La recommandation principale de l'expert est d'inviter la Tunisie à inscrire plus clairement le concept de droits de l'homme au cœur des efforts de justice transitionnelle. « Seul le fait qu'il y ait eu une violation des droits de l'homme est pertinente – et suffisante – pour justifier réparation », explique-t-il.

«Prendre des mesures efficaces pour faire face aux abus commis par le passé exige un mécanisme de coordination institutionnelle», poursuit M. de Greiff. « Je propose par conséquent qu'un organe de coordination interministérielle soit institué […] pour garantir que des services adéquats seront fournis aux victimes ».

Le Rapporteur spécial a en outre recommandé aux autorités tunisiennes de se doter d'une approche respectueuse de la parité dans le domaine des mesures de justice transitionnelle.

Pour M. de Greiff, cette visite a eu lieu à un moment crucial, non seulement parce que la Tunisie est engagée dans une transition vers une société fondée sur la règle du droit, mais aussi parce qu'un processus d'élaboration de la Constitution et de l'adoption d'une loi sur la justice transitionnelle y est en cours.

«Comme dans tous les processus de cet ordre, la société civile nationale a joué un rôle essentiel pour faire remonter, souvent à grands frais, cette question en tête des préoccupations de l'État.
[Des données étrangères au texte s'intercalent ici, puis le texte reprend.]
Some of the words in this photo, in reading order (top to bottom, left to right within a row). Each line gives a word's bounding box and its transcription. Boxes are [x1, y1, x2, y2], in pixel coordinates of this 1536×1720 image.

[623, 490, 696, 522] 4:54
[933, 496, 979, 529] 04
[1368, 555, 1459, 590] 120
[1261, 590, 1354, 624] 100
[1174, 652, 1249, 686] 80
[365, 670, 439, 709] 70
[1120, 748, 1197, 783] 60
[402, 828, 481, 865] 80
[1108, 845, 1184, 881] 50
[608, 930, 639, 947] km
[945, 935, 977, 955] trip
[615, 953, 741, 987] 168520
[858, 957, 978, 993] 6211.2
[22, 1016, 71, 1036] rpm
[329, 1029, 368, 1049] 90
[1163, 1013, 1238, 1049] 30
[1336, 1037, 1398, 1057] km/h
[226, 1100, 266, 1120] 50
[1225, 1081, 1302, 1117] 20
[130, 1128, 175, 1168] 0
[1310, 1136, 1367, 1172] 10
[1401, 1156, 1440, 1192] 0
Elle a par ailleurs contribué à faire de la justice transitionnelle une notion beaucoup plus familière qu'elle ne l'était quelques années auparavant », s'est félicité le Rapporteur spécial.

Au cours de son déplacement, M. de Greiff s'est rendu à Tunis, Sidi Bouzid, Gafsa et Redeyef, où il a eu l'occasion de s'entretenir avec des représentants gouvernementaux et locaux, des pouvoirs législatif et judiciaire, des fonctionnaires de police, ainsi qu'avec un large éventail d'acteurs de la société civile et de victimes de violations massives des droits de l'homme. Il a aussi rencontré les corps diplomatiques et équipes de l'ONU stationnés dans ce pays du Maghreb.

En 2013, le Rapporteur spécial fera rapport sur sa mission au Conseil de droits de l'homme.